Dataset extract |
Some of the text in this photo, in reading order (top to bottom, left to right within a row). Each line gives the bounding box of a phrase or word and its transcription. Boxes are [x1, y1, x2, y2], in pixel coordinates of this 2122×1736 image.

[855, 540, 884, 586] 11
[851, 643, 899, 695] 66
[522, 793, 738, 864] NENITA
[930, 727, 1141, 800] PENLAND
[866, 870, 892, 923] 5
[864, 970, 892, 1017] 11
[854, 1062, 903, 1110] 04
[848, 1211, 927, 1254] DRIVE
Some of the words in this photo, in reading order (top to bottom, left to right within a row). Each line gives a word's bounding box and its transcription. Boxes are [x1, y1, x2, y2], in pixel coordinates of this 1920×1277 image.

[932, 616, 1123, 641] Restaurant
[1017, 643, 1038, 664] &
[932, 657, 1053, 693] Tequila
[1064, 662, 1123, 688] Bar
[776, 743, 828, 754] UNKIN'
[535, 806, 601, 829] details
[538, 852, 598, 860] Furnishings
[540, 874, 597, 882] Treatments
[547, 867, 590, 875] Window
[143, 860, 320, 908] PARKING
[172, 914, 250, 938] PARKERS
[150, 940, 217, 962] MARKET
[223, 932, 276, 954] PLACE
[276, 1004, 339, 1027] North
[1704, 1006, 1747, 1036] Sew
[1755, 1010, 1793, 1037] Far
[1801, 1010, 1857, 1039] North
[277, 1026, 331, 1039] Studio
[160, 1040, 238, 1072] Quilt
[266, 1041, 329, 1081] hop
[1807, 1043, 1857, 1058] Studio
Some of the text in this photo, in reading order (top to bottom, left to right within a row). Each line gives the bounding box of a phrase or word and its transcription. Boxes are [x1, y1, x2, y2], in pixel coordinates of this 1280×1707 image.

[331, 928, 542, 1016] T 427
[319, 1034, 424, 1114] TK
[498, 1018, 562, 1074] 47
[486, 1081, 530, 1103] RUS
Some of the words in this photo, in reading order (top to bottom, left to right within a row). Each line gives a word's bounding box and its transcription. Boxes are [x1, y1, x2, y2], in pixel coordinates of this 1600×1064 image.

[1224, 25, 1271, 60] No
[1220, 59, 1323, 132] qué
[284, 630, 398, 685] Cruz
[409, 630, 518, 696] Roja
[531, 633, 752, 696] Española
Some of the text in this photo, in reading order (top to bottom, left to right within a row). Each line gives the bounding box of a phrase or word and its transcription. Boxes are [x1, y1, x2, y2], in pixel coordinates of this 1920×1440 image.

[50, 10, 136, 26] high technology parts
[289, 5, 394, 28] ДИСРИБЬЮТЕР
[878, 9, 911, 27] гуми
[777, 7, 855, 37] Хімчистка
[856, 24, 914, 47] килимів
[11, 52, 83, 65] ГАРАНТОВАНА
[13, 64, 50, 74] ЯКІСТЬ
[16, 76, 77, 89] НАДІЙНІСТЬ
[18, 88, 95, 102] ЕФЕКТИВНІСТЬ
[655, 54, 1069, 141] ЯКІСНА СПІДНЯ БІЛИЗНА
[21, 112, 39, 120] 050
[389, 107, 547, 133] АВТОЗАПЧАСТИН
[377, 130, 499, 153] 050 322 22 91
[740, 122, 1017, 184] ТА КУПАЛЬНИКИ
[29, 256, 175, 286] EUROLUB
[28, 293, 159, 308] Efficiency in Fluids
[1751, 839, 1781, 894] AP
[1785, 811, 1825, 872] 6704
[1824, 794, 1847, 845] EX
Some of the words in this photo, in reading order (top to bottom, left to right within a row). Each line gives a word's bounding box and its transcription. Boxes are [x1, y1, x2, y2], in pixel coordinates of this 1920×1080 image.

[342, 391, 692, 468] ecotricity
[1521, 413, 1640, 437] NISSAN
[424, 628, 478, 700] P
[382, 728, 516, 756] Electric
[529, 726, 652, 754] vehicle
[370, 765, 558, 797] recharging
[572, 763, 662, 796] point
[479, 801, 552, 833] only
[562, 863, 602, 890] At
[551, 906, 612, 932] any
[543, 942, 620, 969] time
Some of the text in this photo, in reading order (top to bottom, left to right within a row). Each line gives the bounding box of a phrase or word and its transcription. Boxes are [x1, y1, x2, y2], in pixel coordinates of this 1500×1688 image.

What the task requires | Quote the data above in full, changing nothing.

Answer to the exercise |
Some of the text in this photo, in reading order (top to bottom, left to right within a row). Each line gives the bounding box of a phrase or word and its transcription. Boxes are [x1, y1, x2, y2], in pixel coordinates of this 2122×1736 image.

[855, 540, 884, 586] 11
[851, 643, 899, 695] 66
[522, 793, 738, 864] NENITA
[930, 727, 1141, 800] PENLAND
[866, 870, 892, 923] 5
[864, 970, 892, 1017] 11
[854, 1062, 903, 1110] 04
[848, 1211, 927, 1254] DRIVE
Some of the words in this photo, in reading order (top to bottom, left to right within a row). Each line gives a word's bounding box and its transcription. Boxes are [x1, y1, x2, y2], in pixel coordinates of this 1920×1277 image.

[932, 616, 1123, 641] Restaurant
[1017, 643, 1038, 664] &
[932, 657, 1053, 693] Tequila
[1064, 662, 1123, 688] Bar
[776, 743, 828, 754] UNKIN'
[535, 806, 601, 829] details
[538, 852, 598, 860] Furnishings
[540, 874, 597, 882] Treatments
[547, 867, 590, 875] Window
[143, 860, 320, 908] PARKING
[172, 914, 250, 938] PARKERS
[150, 940, 217, 962] MARKET
[223, 932, 276, 954] PLACE
[276, 1004, 339, 1027] North
[1704, 1006, 1747, 1036] Sew
[1755, 1010, 1793, 1037] Far
[1801, 1010, 1857, 1039] North
[277, 1026, 331, 1039] Studio
[160, 1040, 238, 1072] Quilt
[266, 1041, 329, 1081] hop
[1807, 1043, 1857, 1058] Studio
Some of the text in this photo, in reading order (top to bottom, left to right within a row). Each line gives the bounding box of a phrase or word and its transcription. Boxes are [x1, y1, x2, y2], in pixel coordinates of this 1280×1707 image.

[331, 928, 542, 1016] T 427
[319, 1034, 424, 1114] TK
[498, 1018, 562, 1074] 47
[486, 1081, 530, 1103] RUS
Some of the words in this photo, in reading order (top to bottom, left to right within a row). Each line gives a word's bounding box and its transcription. Boxes are [x1, y1, x2, y2], in pixel coordinates of this 1600×1064 image.

[1224, 25, 1271, 60] No
[1220, 59, 1323, 132] qué
[284, 630, 398, 685] Cruz
[409, 630, 518, 696] Roja
[531, 633, 752, 696] Española
Some of the text in this photo, in reading order (top to bottom, left to right within a row). Each line gives the bounding box of a phrase or word and its transcription. Boxes are [x1, y1, x2, y2], in pixel coordinates of this 1920×1440 image.

[50, 10, 136, 26] high technology parts
[289, 5, 394, 28] ДИСРИБЬЮТЕР
[878, 9, 911, 27] гуми
[777, 7, 855, 37] Хімчистка
[856, 24, 914, 47] килимів
[11, 52, 83, 65] ГАРАНТОВАНА
[13, 64, 50, 74] ЯКІСТЬ
[16, 76, 77, 89] НАДІЙНІСТЬ
[18, 88, 95, 102] ЕФЕКТИВНІСТЬ
[655, 54, 1069, 141] ЯКІСНА СПІДНЯ БІЛИЗНА
[21, 112, 39, 120] 050
[389, 107, 547, 133] АВТОЗАПЧАСТИН
[377, 130, 499, 153] 050 322 22 91
[740, 122, 1017, 184] ТА КУПАЛЬНИКИ
[29, 256, 175, 286] EUROLUB
[28, 293, 159, 308] Efficiency in Fluids
[1751, 839, 1781, 894] AP
[1785, 811, 1825, 872] 6704
[1824, 794, 1847, 845] EX
Some of the words in this photo, in reading order (top to bottom, left to right within a row). Each line gives a word's bounding box and its transcription. Boxes are [x1, y1, x2, y2], in pixel coordinates of this 1920×1080 image.

[342, 391, 692, 468] ecotricity
[1521, 413, 1640, 437] NISSAN
[424, 628, 478, 700] P
[382, 728, 516, 756] Electric
[529, 726, 652, 754] vehicle
[370, 765, 558, 797] recharging
[572, 763, 662, 796] point
[479, 801, 552, 833] only
[562, 863, 602, 890] At
[551, 906, 612, 932] any
[543, 942, 620, 969] time
Some of the text in this photo, in reading order (top to bottom, left to right within a row). Each line gives the bounding box of a phrase or word and its transcription. Boxes are [x1, y1, x2, y2], in pixel coordinates of this 1500×1688 image.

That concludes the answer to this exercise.